PHOTO: Bob Woodward, left, Carl Bernstein, centre, and White House Correspondents’ Association president Jeff Mason at the WHCA annual dinner


Toned down and Trump-less, this year’s White House press corps dinner was different.

President Donald Trump and most of his staff snubbed the black-tie affair on Saturday night, and few of the American A-list glitterati graced the red carpet at a Washington hotel.

Trump said in an interview with Reuters last week he decided against attending because he felt he had been treated unfairly by the media.

Instead, he went to Pennsylvania where he told supporters the media dinner would be boring. "I could not possibly be more thrilled than to be more than 100 miles away," he said. He repeatedly attacked "incompetent, dishonest" media, saying they were not telling the truth about his administration's accomplishments.

Trump said he was thrilled to be away from the "Washington swamp".

"A large group of Hollywood actors and Washington media are consoling each other in a hotel ballroom in our nation’s capital right now," Trump said. "If the media's job is to be honest and to tell the truth, the media deserves a very, very big fat failing grade."

Without the president, the usually celebrity-filled soirée hosted by the White House Correspondents' Association took a more sober turn.

Reuters White House correspondent Jeff Mason, WHCA president, acknowledged the dinner had a different feel. He defended press freedom, saying attempts to undermine the media was dangerous for democracy.

"We are not fake news, we are not failing news organisations and we are not the enemy of the American people," Mason told guests.

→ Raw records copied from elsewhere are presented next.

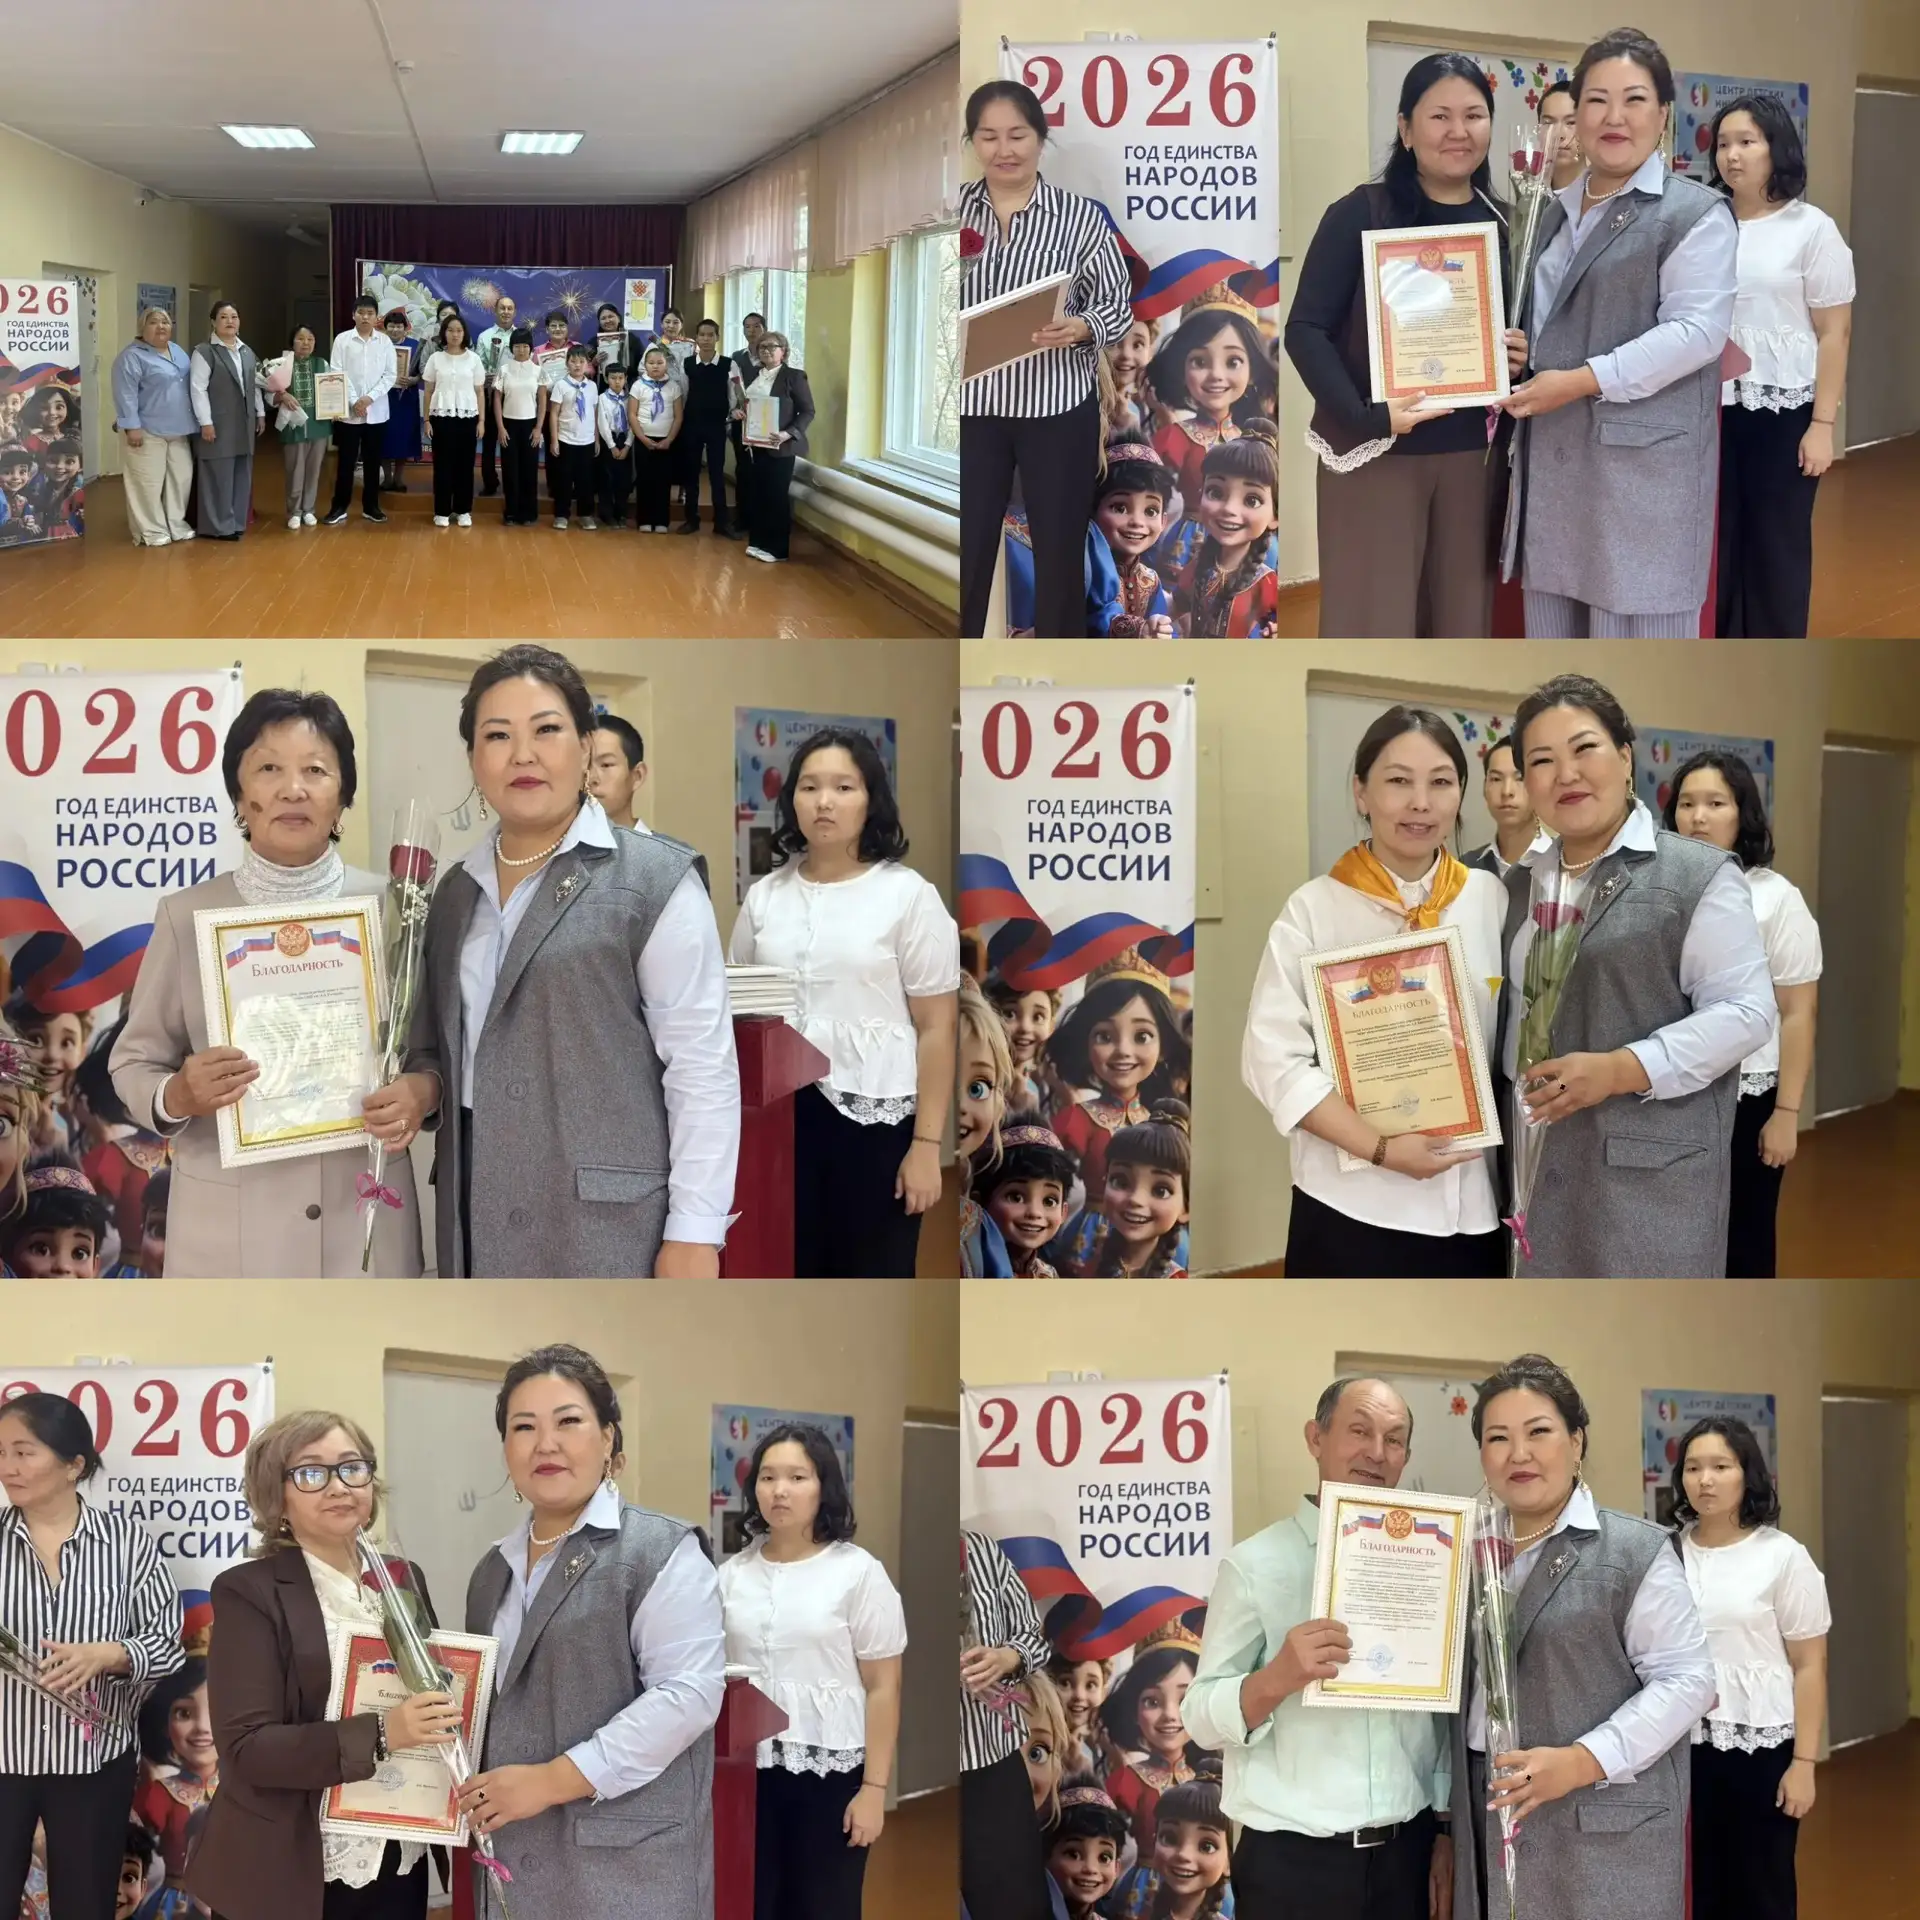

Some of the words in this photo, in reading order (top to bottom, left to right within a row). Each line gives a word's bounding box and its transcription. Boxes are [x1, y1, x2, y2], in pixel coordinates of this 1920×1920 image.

[1022, 53, 1257, 128] 2026
[1124, 145, 1160, 163] ГОД
[1164, 145, 1258, 163] ЕДИНСТВА
[1125, 166, 1258, 191] НАРОДОВ
[1126, 195, 1257, 220] РОССИИ
[7, 320, 25, 328] ГОД
[26, 320, 69, 328] ЕДИНСТВА
[7, 329, 69, 340] НАРОДОВ
[8, 341, 69, 352] РОССИИ
[5, 686, 217, 777] 026
[960, 700, 1172, 780] 026
[56, 798, 98, 819] ГОД
[104, 796, 218, 818] ЕДИНСТВА
[1027, 799, 1065, 818] ГОД
[1071, 799, 1173, 818] ЕДИНСТВА
[56, 822, 218, 853] НАРОДОВ
[1028, 822, 1172, 849] НАРОДОВ
[57, 858, 216, 889] РОССИИ
[1029, 854, 1171, 881] РОССИИ
[1, 1379, 250, 1458] 026
[976, 1390, 1209, 1467] 2026
[108, 1477, 146, 1496] ГОД
[1078, 1484, 1113, 1501] ГОД
[1118, 1481, 1211, 1500] ЕДИНСТВА
[109, 1499, 251, 1527] НАРОДОВ
[1079, 1502, 1210, 1528] НАРОДОВ
[157, 1531, 250, 1558] ССИИ
[1080, 1531, 1210, 1559] РОССИИ
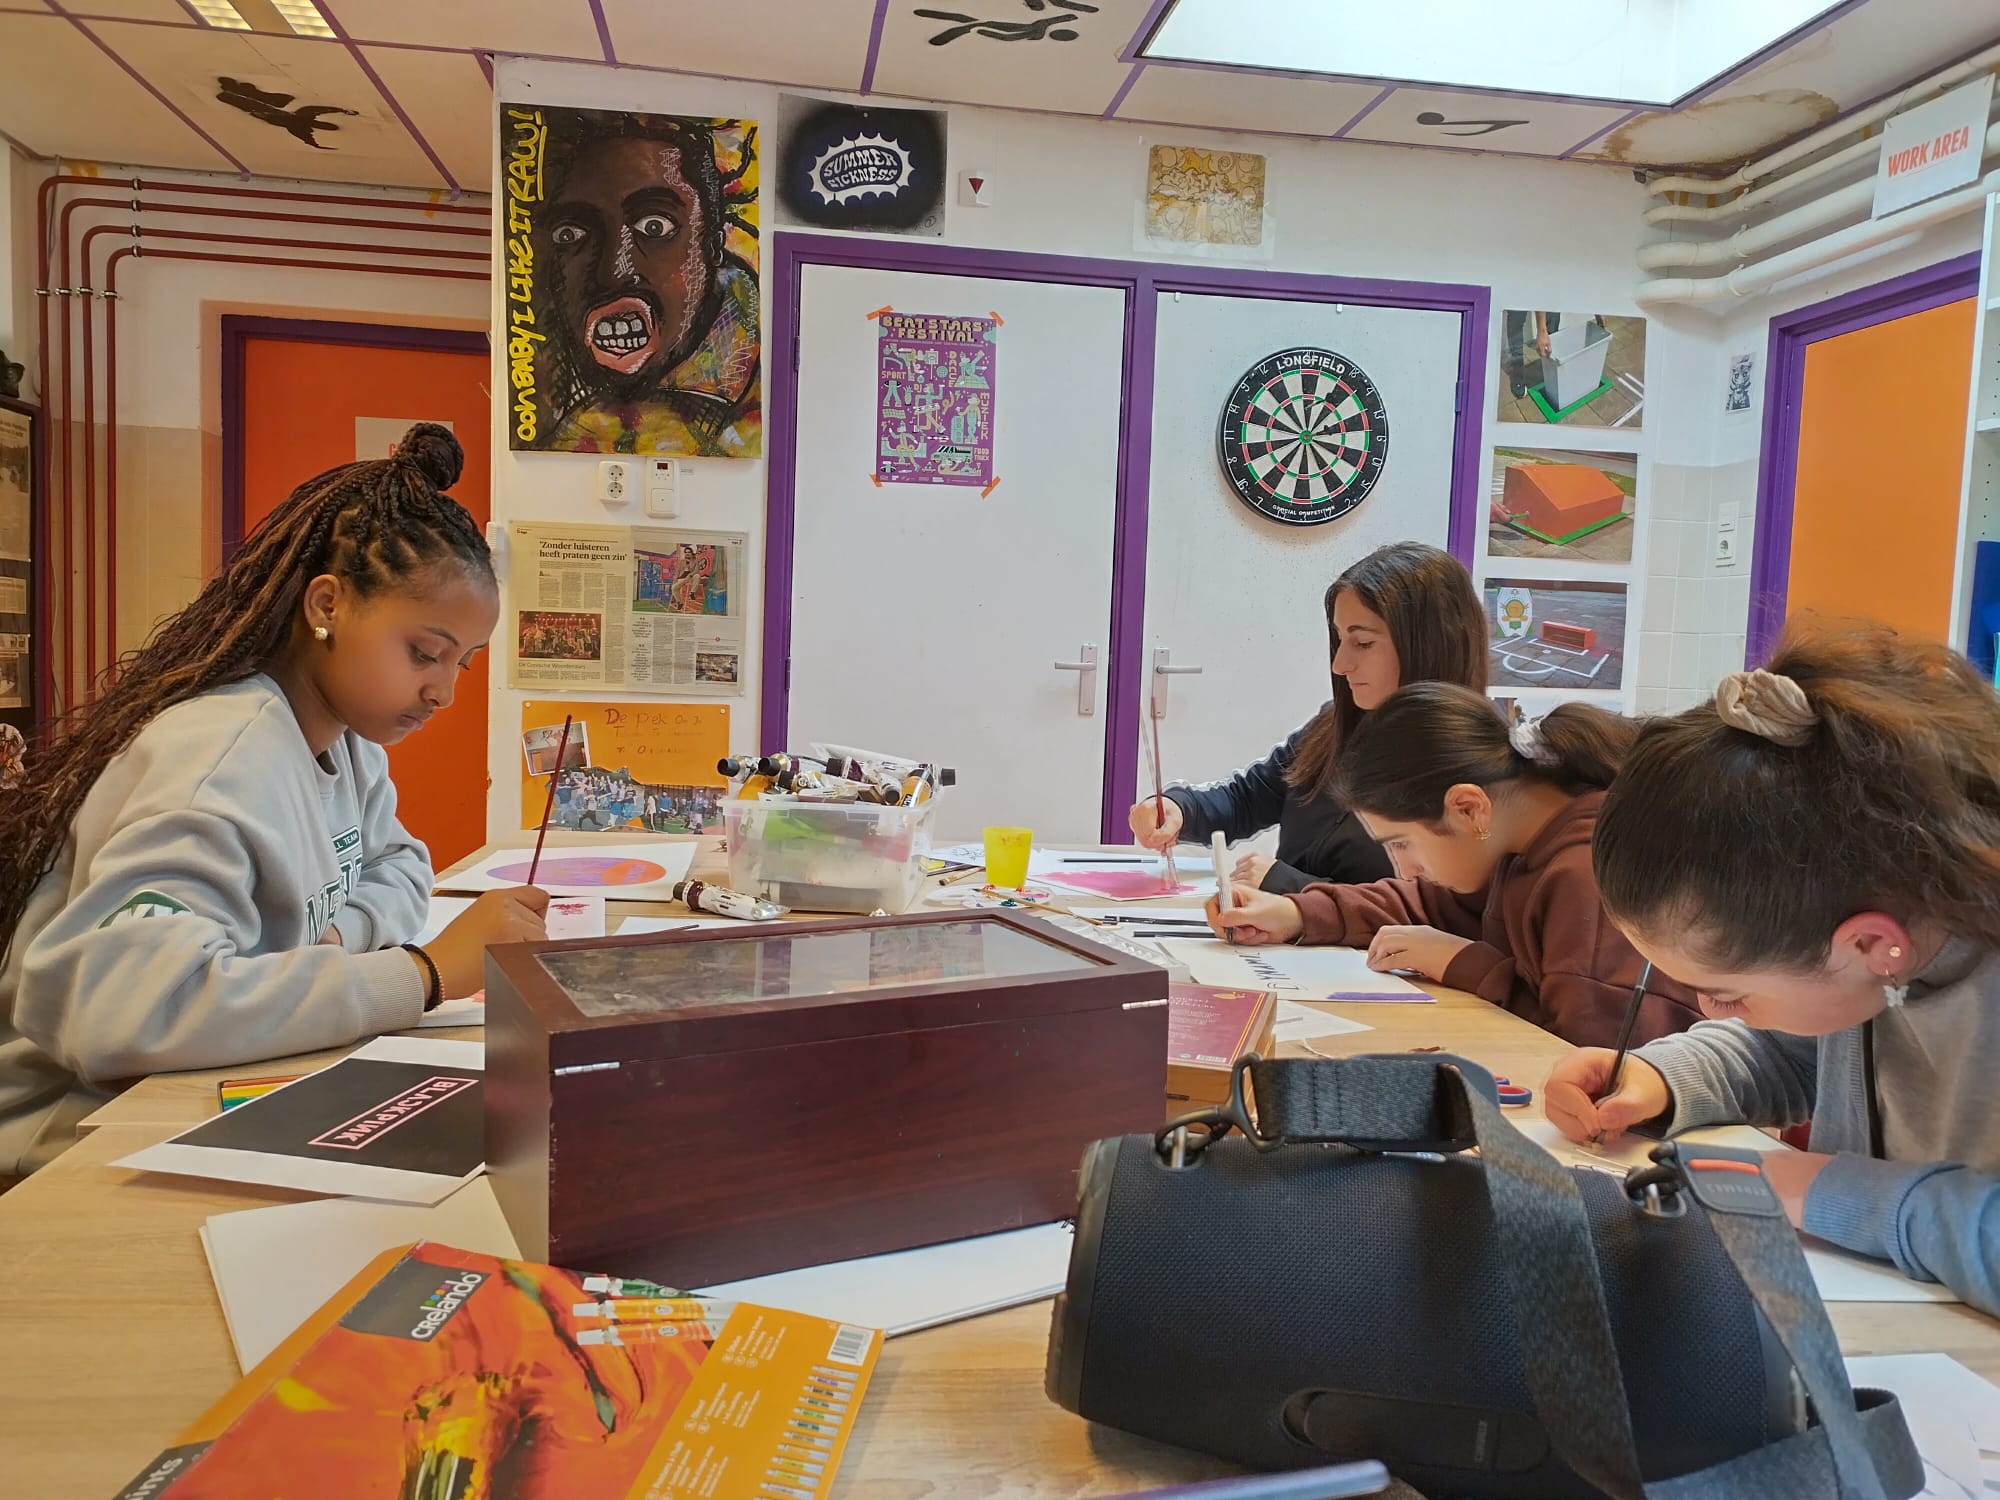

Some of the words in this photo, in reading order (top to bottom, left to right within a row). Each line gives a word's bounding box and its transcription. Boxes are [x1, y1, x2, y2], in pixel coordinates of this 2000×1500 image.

[1888, 141, 1930, 177] WORK
[1931, 125, 1969, 161] AREA
[824, 148, 898, 177] SUMMER
[827, 166, 898, 188] SICKNESS
[509, 197, 532, 234] IT
[898, 328, 974, 342] FESTIVAL
[928, 318, 983, 332] STARS
[509, 325, 546, 389] BABY
[1276, 354, 1346, 374] LONGFIELD
[539, 550, 561, 558] heeft
[562, 552, 590, 560] praten
[591, 553, 611, 561] geen
[573, 542, 610, 552] luisteren
[343, 831, 358, 845] TEAM
[124, 1458, 183, 1500] ints
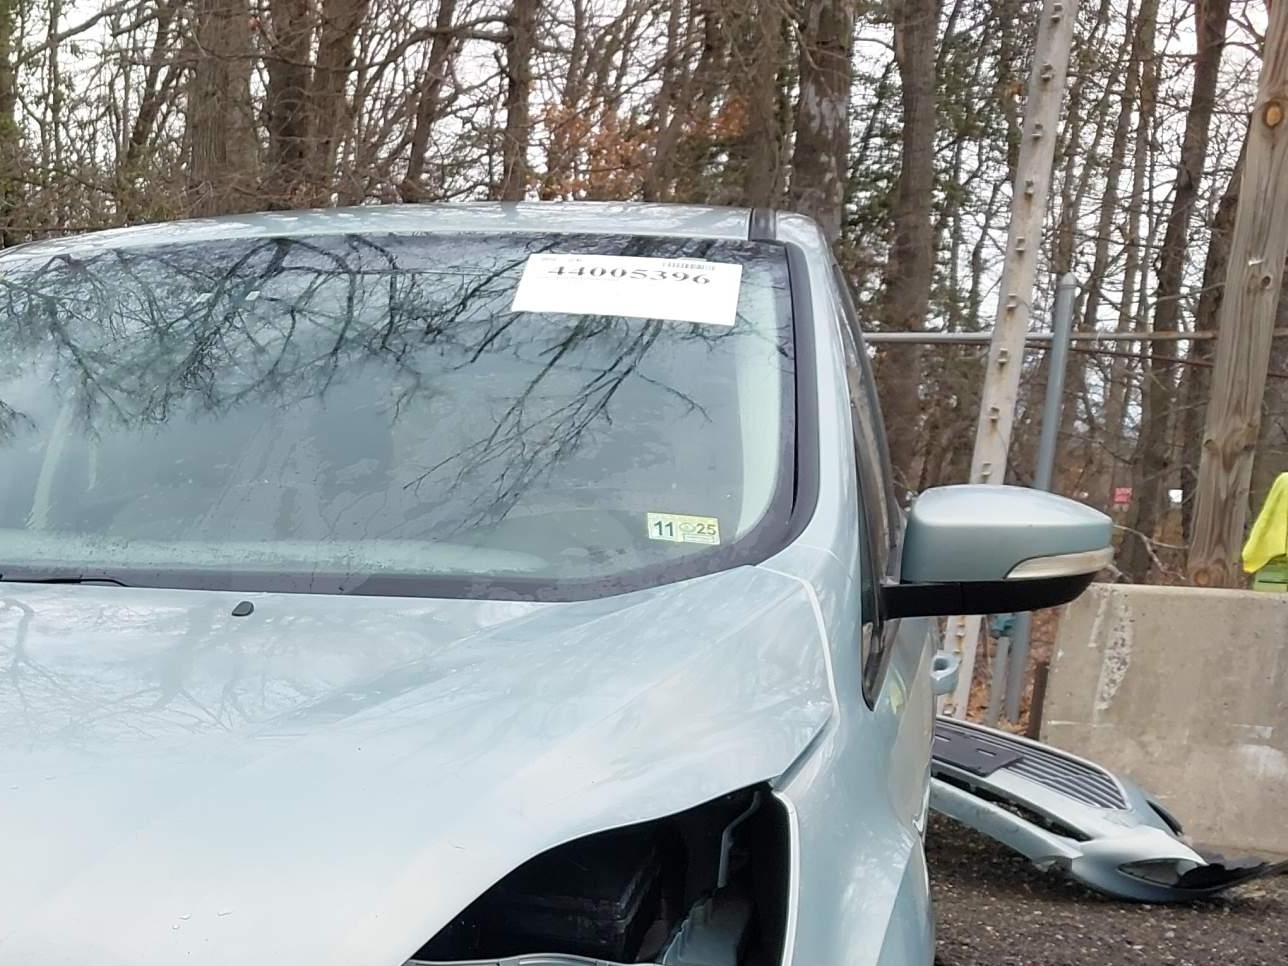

That got him a standing ovation.

Trump’s absence was a constant yet mostly implicit thread through the evening’s first speeches. There was a reading of the text of the First Amendment and a lot of talk of threats to a free press.

Instead of the usual jesting at the expense of guests the event returned to its roots of recognising reporters’ work and handing out student scholarships.

Awards were presented by Bob Woodward and Carl Bernstein whose reporting uncovered President Nixon’s part in the Watergate scandal, leading to his subsequent impeachment and resignation in 1974.

Bernstein said: “Almost inevitably, unreasonable government secrecy is the enemy and usually the giveaway about what the real story might be. And when lying is combined with secrecy, there is usually a pretty good roadmap in front of us. Yes, follow the money, but follow also the lies.”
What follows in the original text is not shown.